▶ Data shown:
______________________________

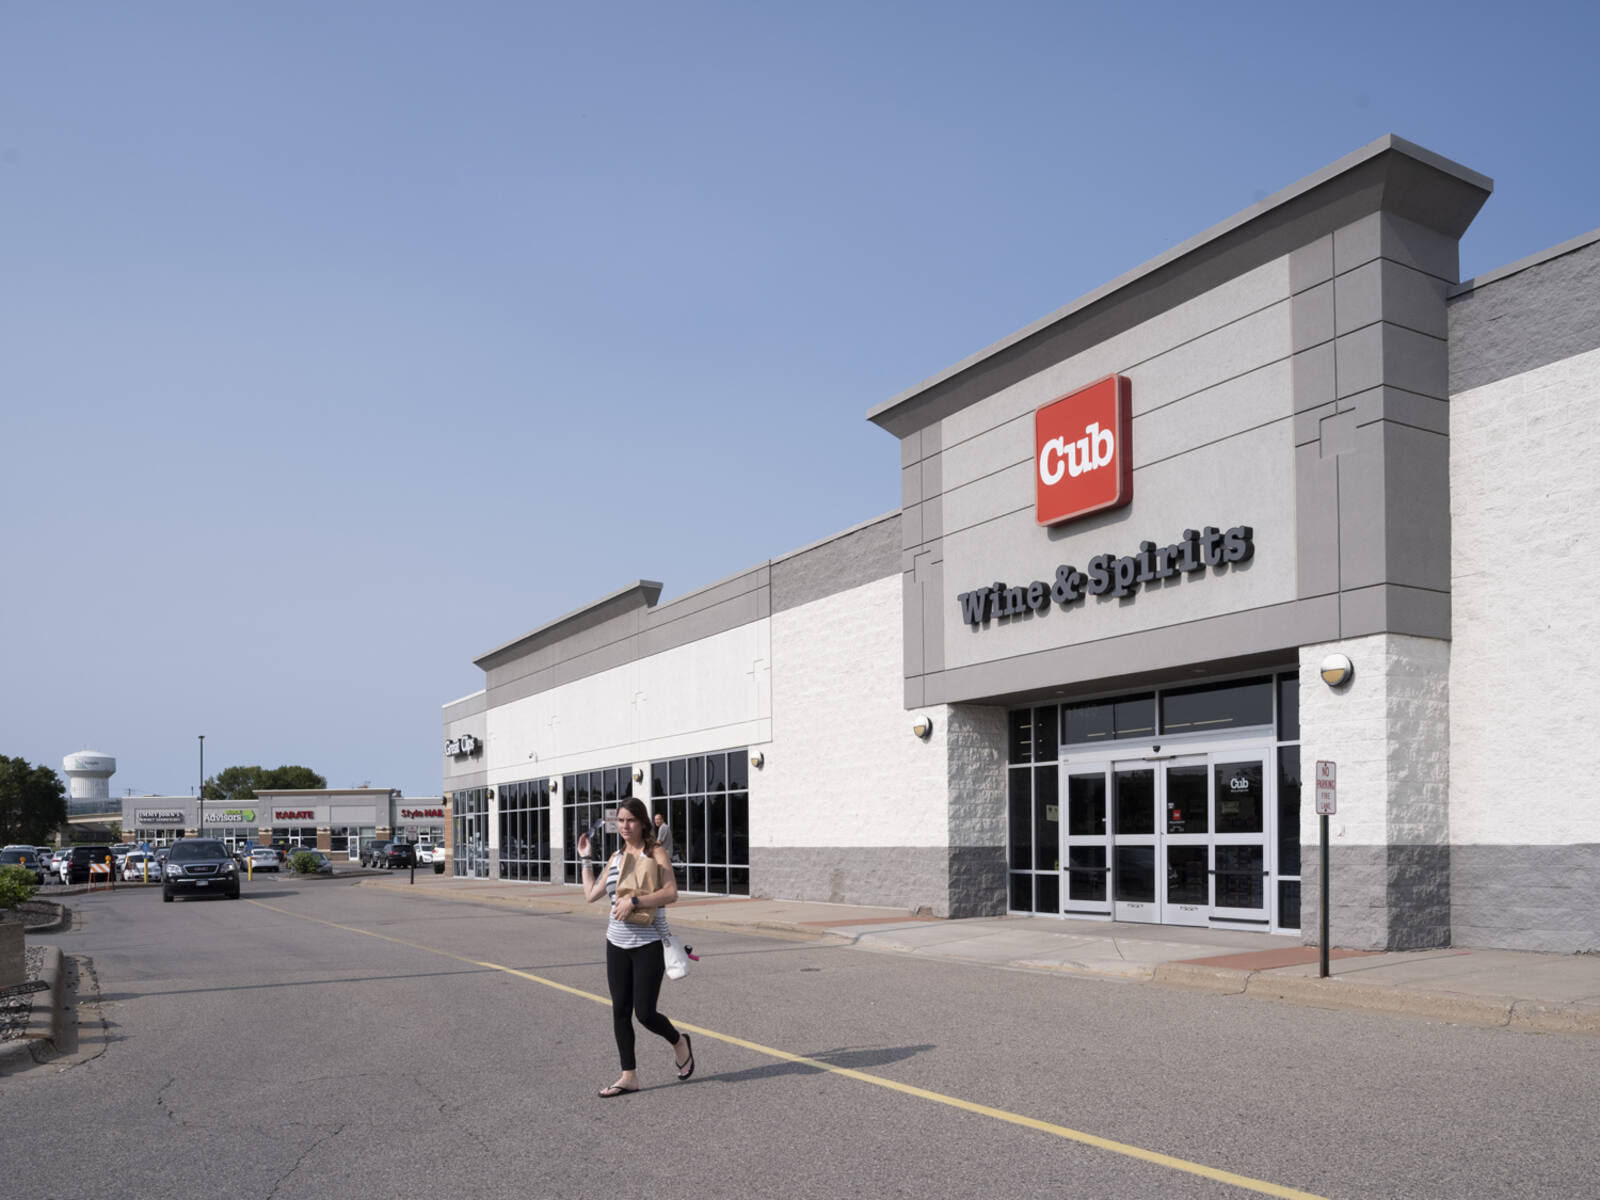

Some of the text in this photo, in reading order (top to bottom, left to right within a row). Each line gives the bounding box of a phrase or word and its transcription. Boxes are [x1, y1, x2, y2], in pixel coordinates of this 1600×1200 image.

[1039, 422, 1115, 486] Cub
[957, 525, 1255, 626] Wine & Spirits
[1321, 766, 1330, 777] NO
[1230, 777, 1249, 790] Cub
[205, 813, 243, 822] Advisors
[275, 810, 314, 819] KARATE

______________________________

▶ The problem:
An exact, picture-free copy of the listing above is the goal; write it out now.

▶ Written solution:
Some of the text in this photo, in reading order (top to bottom, left to right within a row). Each line gives the bounding box of a phrase or word and its transcription. Boxes are [x1, y1, x2, y2], in pixel coordinates of this 1600×1200 image.

[1039, 422, 1115, 486] Cub
[957, 525, 1255, 626] Wine & Spirits
[1321, 766, 1330, 777] NO
[1230, 777, 1249, 790] Cub
[205, 813, 243, 822] Advisors
[275, 810, 314, 819] KARATE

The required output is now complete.